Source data
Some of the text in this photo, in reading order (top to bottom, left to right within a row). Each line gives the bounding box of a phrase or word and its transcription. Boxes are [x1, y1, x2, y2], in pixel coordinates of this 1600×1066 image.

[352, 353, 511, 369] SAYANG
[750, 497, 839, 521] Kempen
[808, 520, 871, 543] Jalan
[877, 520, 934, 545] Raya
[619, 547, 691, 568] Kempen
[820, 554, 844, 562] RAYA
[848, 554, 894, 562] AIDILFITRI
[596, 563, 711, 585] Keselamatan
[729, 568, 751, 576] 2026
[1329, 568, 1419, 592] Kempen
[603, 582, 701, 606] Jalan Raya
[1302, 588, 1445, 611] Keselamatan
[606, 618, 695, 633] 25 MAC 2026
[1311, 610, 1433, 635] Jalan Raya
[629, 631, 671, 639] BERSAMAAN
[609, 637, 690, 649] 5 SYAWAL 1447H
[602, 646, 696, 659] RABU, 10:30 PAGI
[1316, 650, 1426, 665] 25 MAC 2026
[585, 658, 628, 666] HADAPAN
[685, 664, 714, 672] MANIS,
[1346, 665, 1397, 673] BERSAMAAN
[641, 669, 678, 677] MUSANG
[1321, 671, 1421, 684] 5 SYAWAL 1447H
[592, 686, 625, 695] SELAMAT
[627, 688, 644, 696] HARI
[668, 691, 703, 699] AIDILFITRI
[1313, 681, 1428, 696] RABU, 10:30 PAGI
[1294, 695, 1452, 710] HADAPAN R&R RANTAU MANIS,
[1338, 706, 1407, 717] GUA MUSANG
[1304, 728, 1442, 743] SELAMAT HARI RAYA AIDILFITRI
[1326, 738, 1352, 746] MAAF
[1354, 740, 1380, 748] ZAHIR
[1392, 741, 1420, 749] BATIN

Work required
Write the records out once more, word for word.

Completed task
Some of the text in this photo, in reading order (top to bottom, left to right within a row). Each line gives the bounding box of a phrase or word and its transcription. Boxes are [x1, y1, x2, y2], in pixel coordinates of this 1600×1066 image.

[352, 353, 511, 369] SAYANG
[750, 497, 839, 521] Kempen
[808, 520, 871, 543] Jalan
[877, 520, 934, 545] Raya
[619, 547, 691, 568] Kempen
[820, 554, 844, 562] RAYA
[848, 554, 894, 562] AIDILFITRI
[596, 563, 711, 585] Keselamatan
[729, 568, 751, 576] 2026
[1329, 568, 1419, 592] Kempen
[603, 582, 701, 606] Jalan Raya
[1302, 588, 1445, 611] Keselamatan
[606, 618, 695, 633] 25 MAC 2026
[1311, 610, 1433, 635] Jalan Raya
[629, 631, 671, 639] BERSAMAAN
[609, 637, 690, 649] 5 SYAWAL 1447H
[602, 646, 696, 659] RABU, 10:30 PAGI
[1316, 650, 1426, 665] 25 MAC 2026
[585, 658, 628, 666] HADAPAN
[685, 664, 714, 672] MANIS,
[1346, 665, 1397, 673] BERSAMAAN
[641, 669, 678, 677] MUSANG
[1321, 671, 1421, 684] 5 SYAWAL 1447H
[592, 686, 625, 695] SELAMAT
[627, 688, 644, 696] HARI
[668, 691, 703, 699] AIDILFITRI
[1313, 681, 1428, 696] RABU, 10:30 PAGI
[1294, 695, 1452, 710] HADAPAN R&R RANTAU MANIS,
[1338, 706, 1407, 717] GUA MUSANG
[1304, 728, 1442, 743] SELAMAT HARI RAYA AIDILFITRI
[1326, 738, 1352, 746] MAAF
[1354, 740, 1380, 748] ZAHIR
[1392, 741, 1420, 749] BATIN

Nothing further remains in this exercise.